Aim of the exercise:
Make an exact copy of the records, omitting all images.
───── Data shown
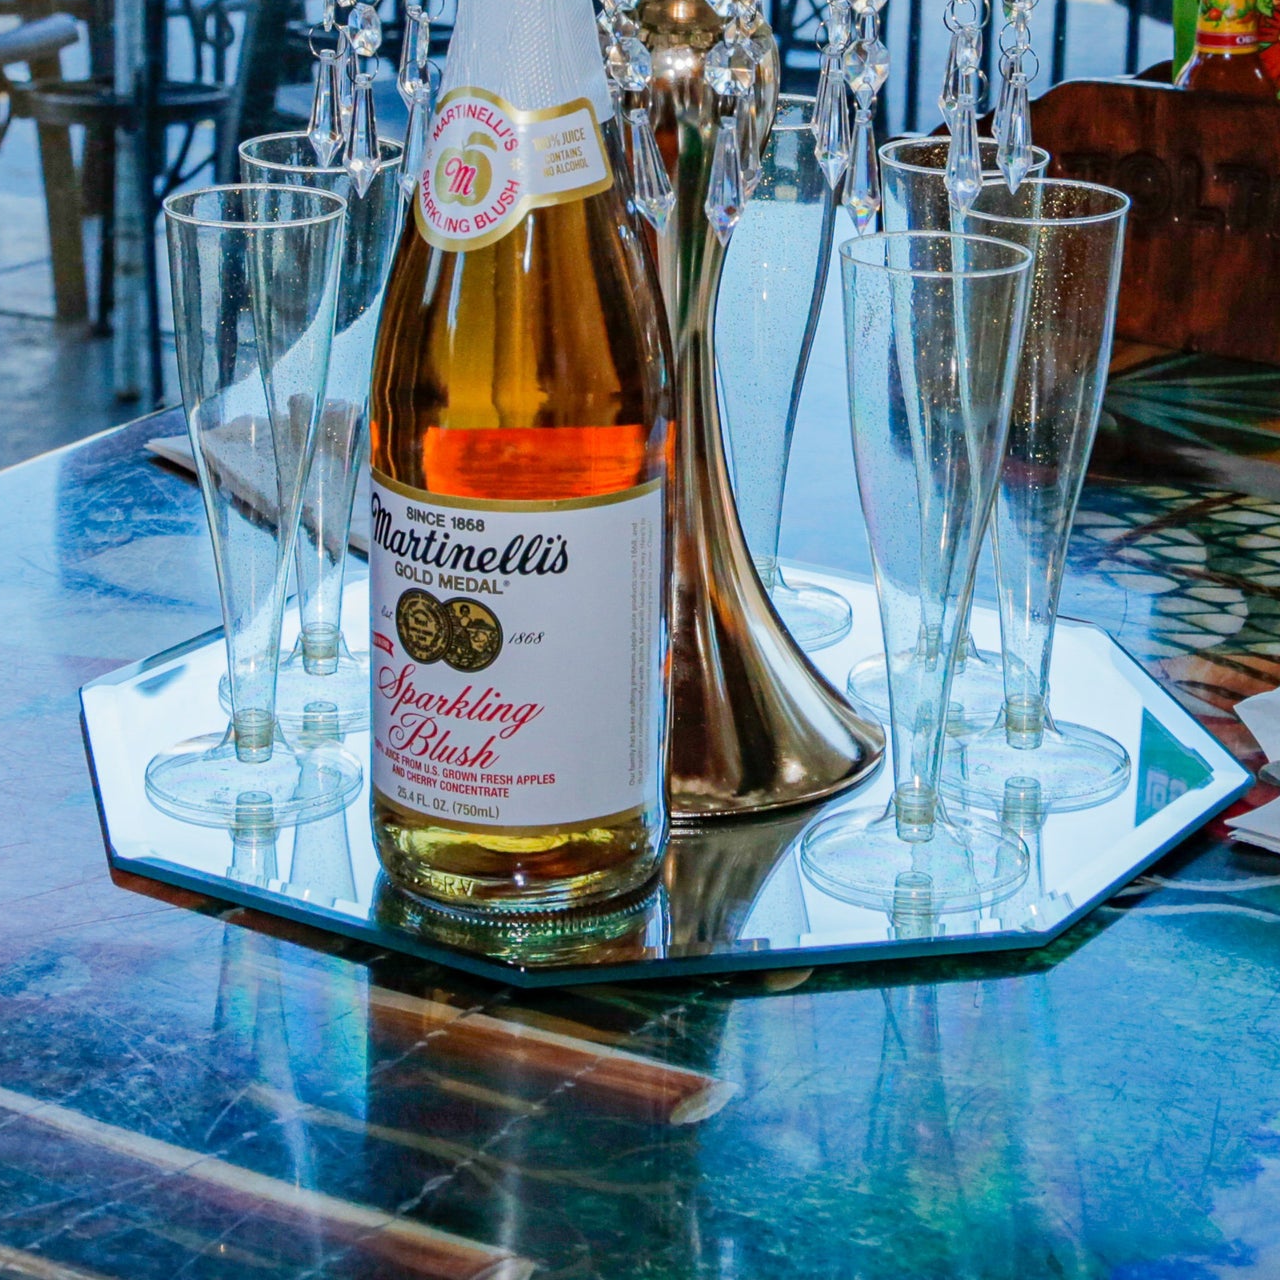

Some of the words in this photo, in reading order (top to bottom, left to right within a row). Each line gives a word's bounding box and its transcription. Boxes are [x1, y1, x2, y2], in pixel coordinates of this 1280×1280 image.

[433, 103, 519, 152] MARTINELLI'S
[562, 128, 586, 145] JUICE
[544, 146, 583, 164] CONTAINS
[556, 158, 589, 175] ALCOHOL
[422, 169, 470, 233] SPARKLING
[473, 179, 521, 230] BLUSH
[371, 492, 569, 576] Martinelli's
[406, 506, 446, 528] SINCE
[450, 517, 485, 532] 1868
[395, 561, 434, 585] GOLD
[438, 573, 504, 595] MEDAL
[508, 631, 545, 645] 1868
[377, 663, 545, 740] Sparkling
[388, 712, 501, 770] Blush
[392, 764, 405, 778] AND
[406, 770, 438, 788] CHERRY
[439, 781, 510, 798] CONCENTRATE
[401, 755, 422, 771] FROM
[424, 763, 440, 777] U.S.
[442, 767, 478, 783] GROWN
[480, 773, 513, 785] FRESH
[516, 773, 556, 785] APPLES
[397, 784, 415, 802] 25.4
[416, 793, 430, 808] FL.
[433, 798, 449, 813] OZ.
[452, 801, 500, 819] (750mL)
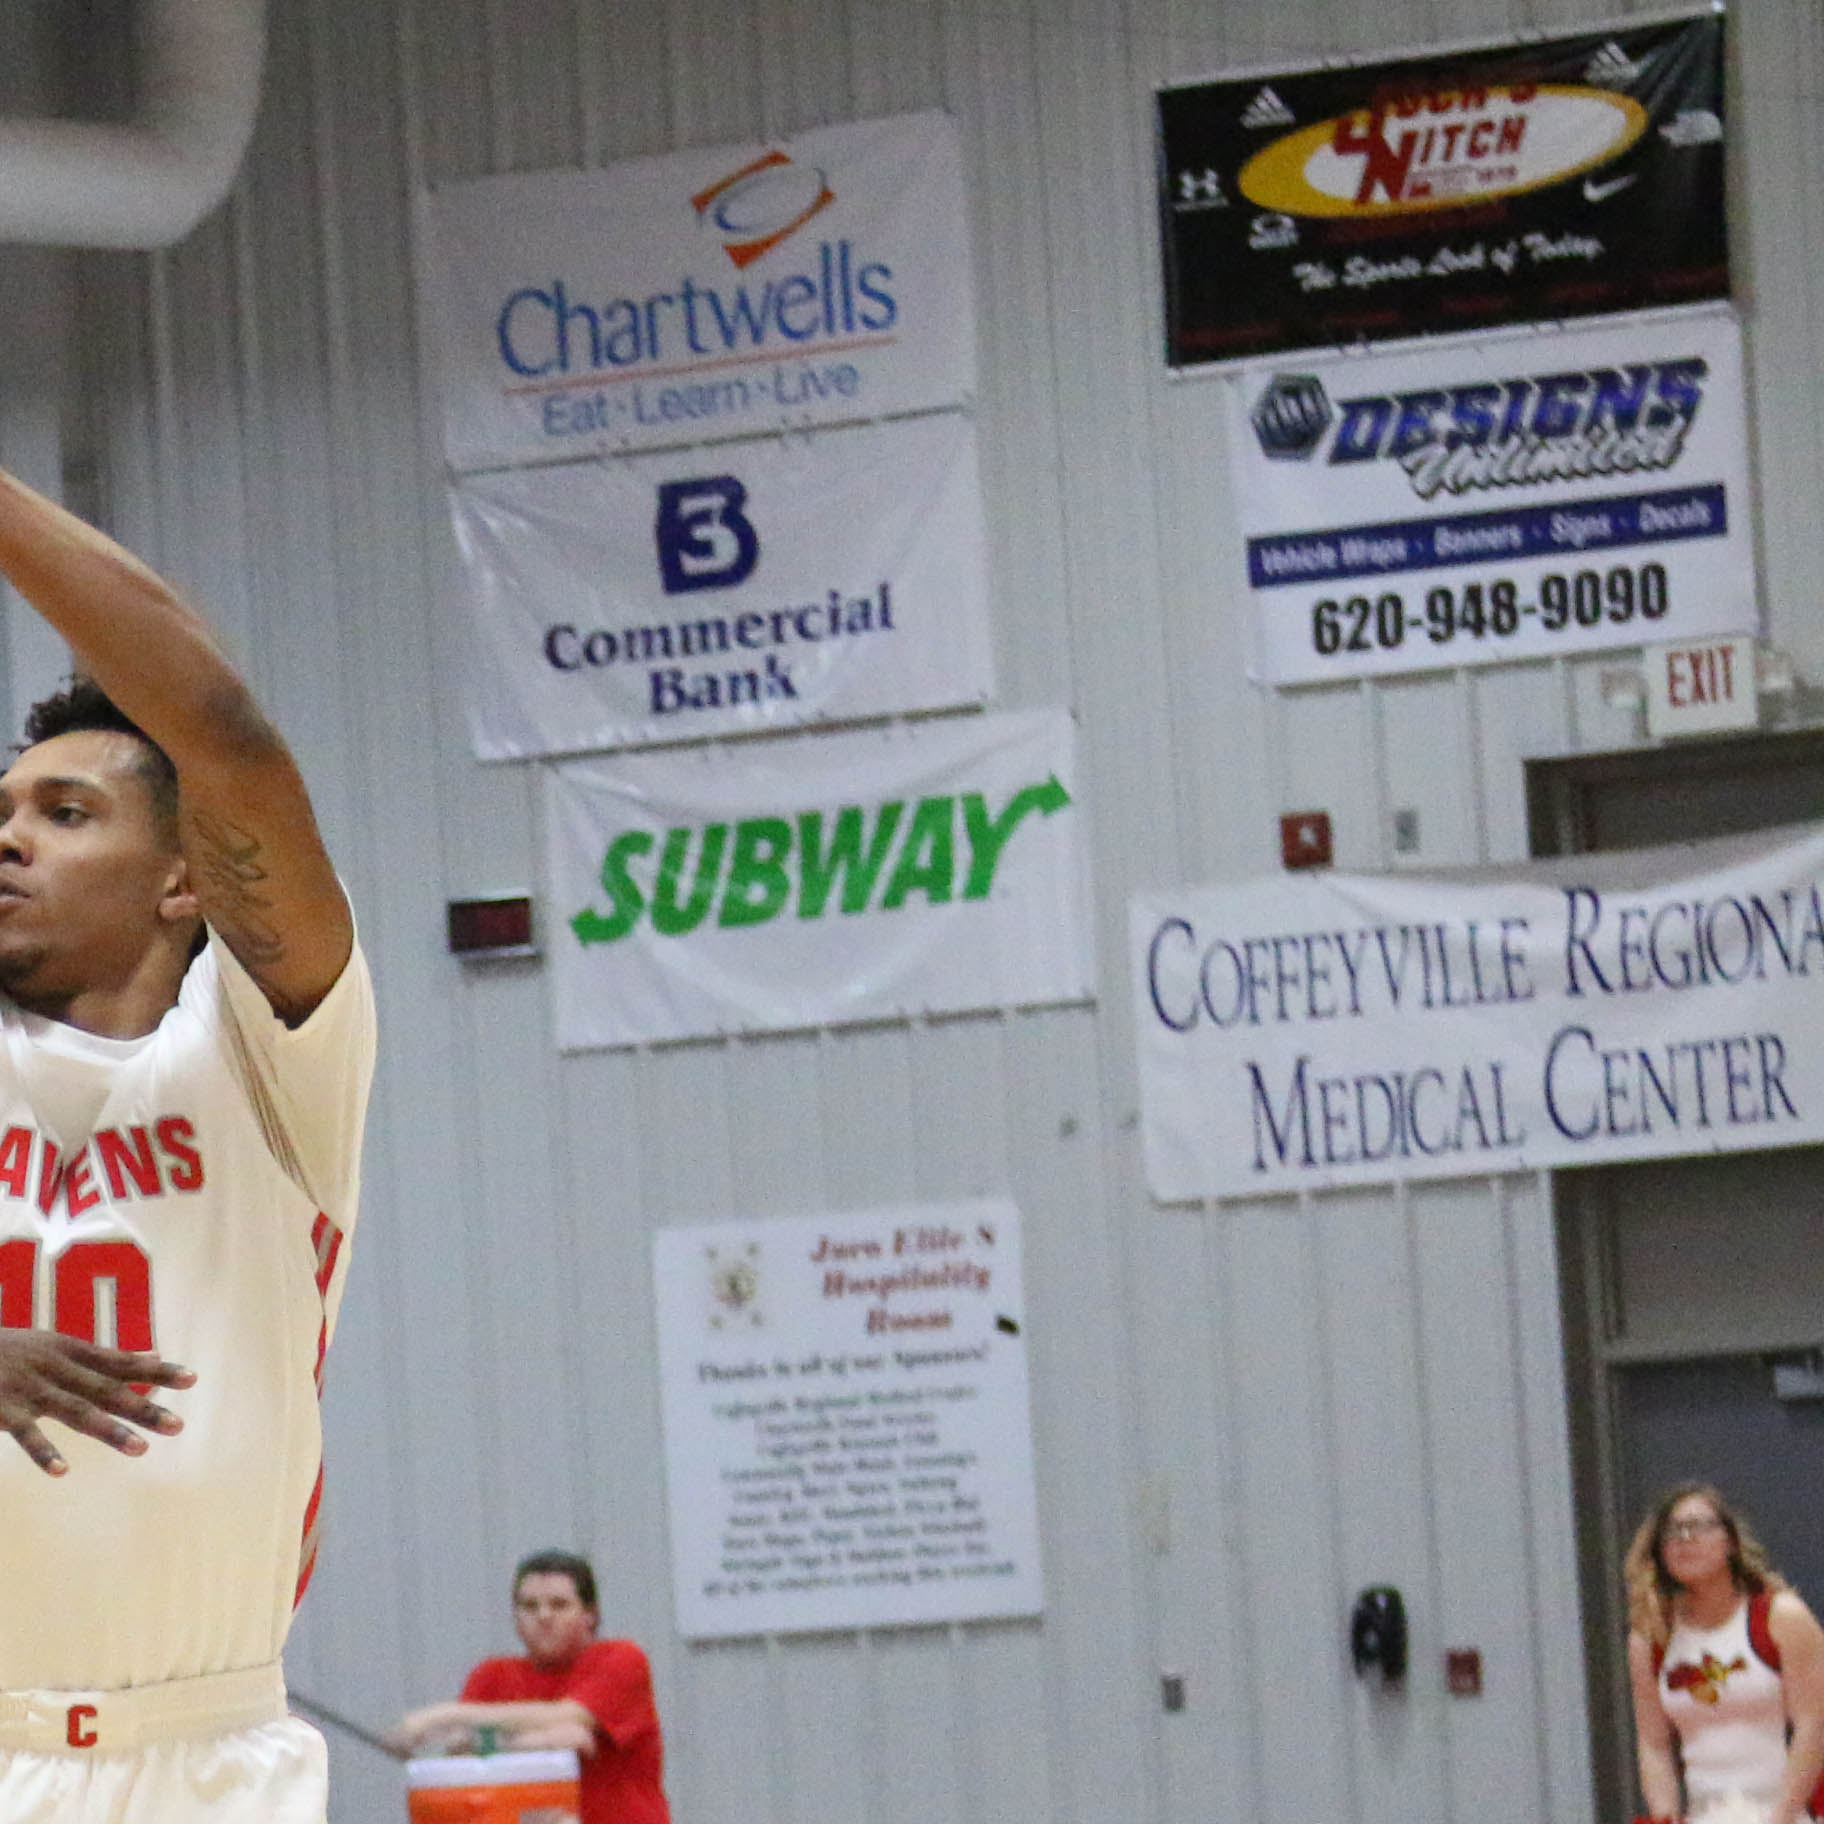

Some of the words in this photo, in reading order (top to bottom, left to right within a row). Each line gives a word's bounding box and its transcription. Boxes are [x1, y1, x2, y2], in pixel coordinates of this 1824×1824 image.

[498, 240, 899, 378] Chartwells
[542, 394, 609, 437] Eat
[773, 362, 861, 404] Live
[1327, 356, 1708, 465] DESIGNS
[1434, 524, 1523, 557] Banners
[1550, 512, 1613, 547] Signs
[1639, 499, 1712, 533] Decals
[544, 583, 896, 671] Commercial
[1311, 561, 1669, 656] 620-948-9090
[650, 655, 799, 716] Bank
[1666, 643, 1735, 708] EXIT
[570, 770, 1071, 948] SUBWAY
[1148, 916, 1537, 1034] COFFEYVILLE
[1246, 1053, 1526, 1176] MEDICAL
[1543, 1024, 1800, 1144] CENTER
[66, 1704, 98, 1748] C
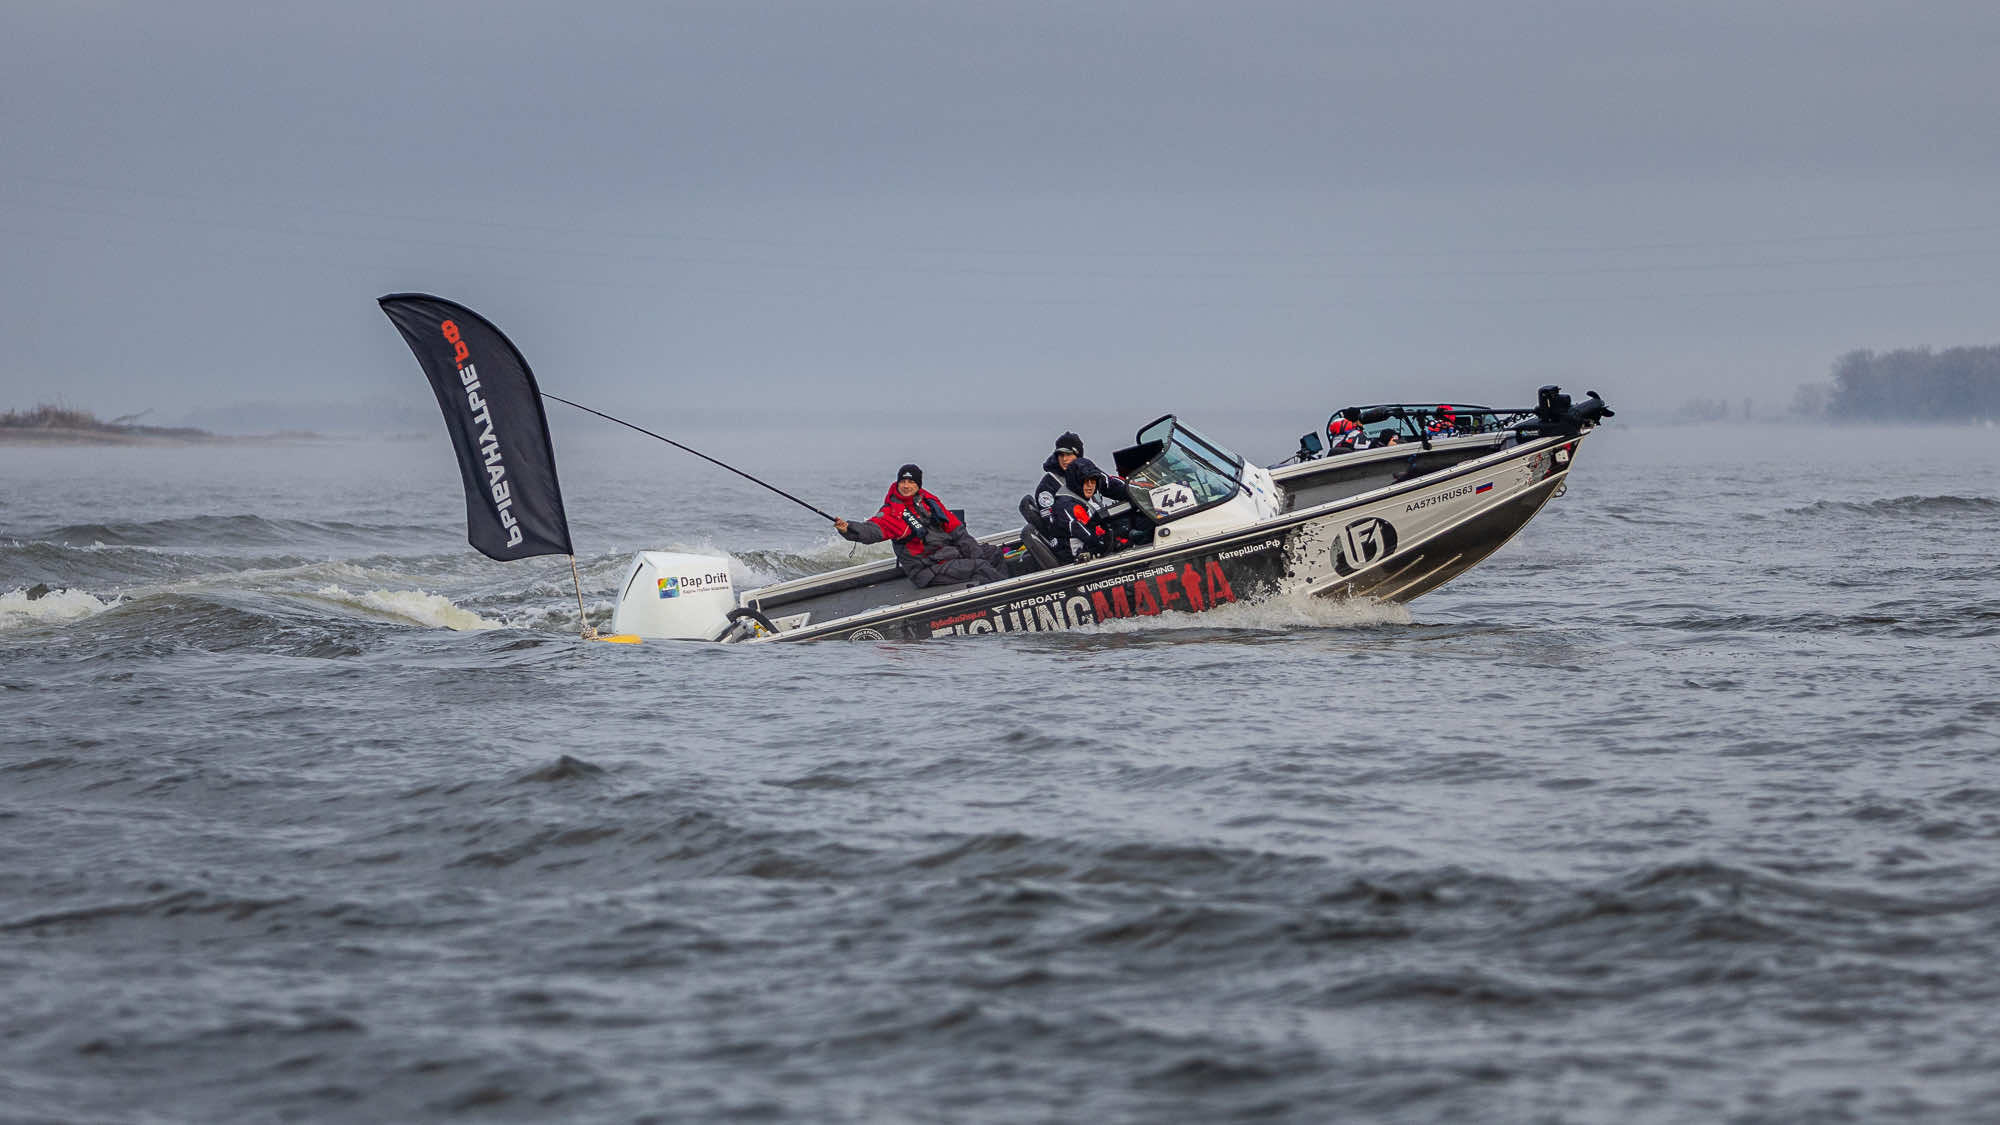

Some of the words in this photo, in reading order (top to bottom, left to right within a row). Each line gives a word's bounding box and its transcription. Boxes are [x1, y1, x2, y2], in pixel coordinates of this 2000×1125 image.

[1161, 489, 1188, 508] 44
[1405, 484, 1473, 513] AA5731RUS63
[680, 575, 703, 588] Dap
[705, 571, 728, 585] Drift
[1136, 564, 1175, 580] FISHING
[1010, 591, 1066, 611] MFBOATS
──────────
Finished exercise:
Some of the words in this photo, in reading order (top to bottom, left to right within a row). Each line gives a word's bounding box and its transcription. Boxes are [x1, y1, x2, y2], in pixel coordinates of this 1280×1280 image.

[433, 103, 519, 152] MARTINELLI'S
[562, 128, 586, 145] JUICE
[544, 146, 583, 164] CONTAINS
[556, 158, 589, 175] ALCOHOL
[422, 169, 470, 233] SPARKLING
[473, 179, 521, 230] BLUSH
[371, 492, 569, 576] Martinelli's
[406, 506, 446, 528] SINCE
[450, 517, 485, 532] 1868
[395, 561, 434, 585] GOLD
[438, 573, 504, 595] MEDAL
[508, 631, 545, 645] 1868
[377, 663, 545, 740] Sparkling
[388, 712, 501, 770] Blush
[392, 764, 405, 778] AND
[406, 770, 438, 788] CHERRY
[439, 781, 510, 798] CONCENTRATE
[401, 755, 422, 771] FROM
[424, 763, 440, 777] U.S.
[442, 767, 478, 783] GROWN
[480, 773, 513, 785] FRESH
[516, 773, 556, 785] APPLES
[397, 784, 415, 802] 25.4
[416, 793, 430, 808] FL.
[433, 798, 449, 813] OZ.
[452, 801, 500, 819] (750mL)

Some of the words in this photo, in reading order (top to bottom, left to right within a row). Each line gives a word's bounding box and its transcription. Boxes are [x1, y1, x2, y2], in pixel coordinates of this 1824×1824 image.

[498, 240, 899, 378] Chartwells
[542, 394, 609, 437] Eat
[773, 362, 861, 404] Live
[1327, 356, 1708, 465] DESIGNS
[1434, 524, 1523, 557] Banners
[1550, 512, 1613, 547] Signs
[1639, 499, 1712, 533] Decals
[544, 583, 896, 671] Commercial
[1311, 561, 1669, 656] 620-948-9090
[650, 655, 799, 716] Bank
[1666, 643, 1735, 708] EXIT
[570, 770, 1071, 948] SUBWAY
[1148, 916, 1537, 1034] COFFEYVILLE
[1246, 1053, 1526, 1176] MEDICAL
[1543, 1024, 1800, 1144] CENTER
[66, 1704, 98, 1748] C

Some of the words in this photo, in reading order (top to bottom, left to right within a row). Each line gives a word's bounding box and its transcription. Boxes are [x1, y1, x2, y2], in pixel coordinates of this 2000×1125 image.

[1161, 489, 1188, 508] 44
[1405, 484, 1473, 513] AA5731RUS63
[680, 575, 703, 588] Dap
[705, 571, 728, 585] Drift
[1136, 564, 1175, 580] FISHING
[1010, 591, 1066, 611] MFBOATS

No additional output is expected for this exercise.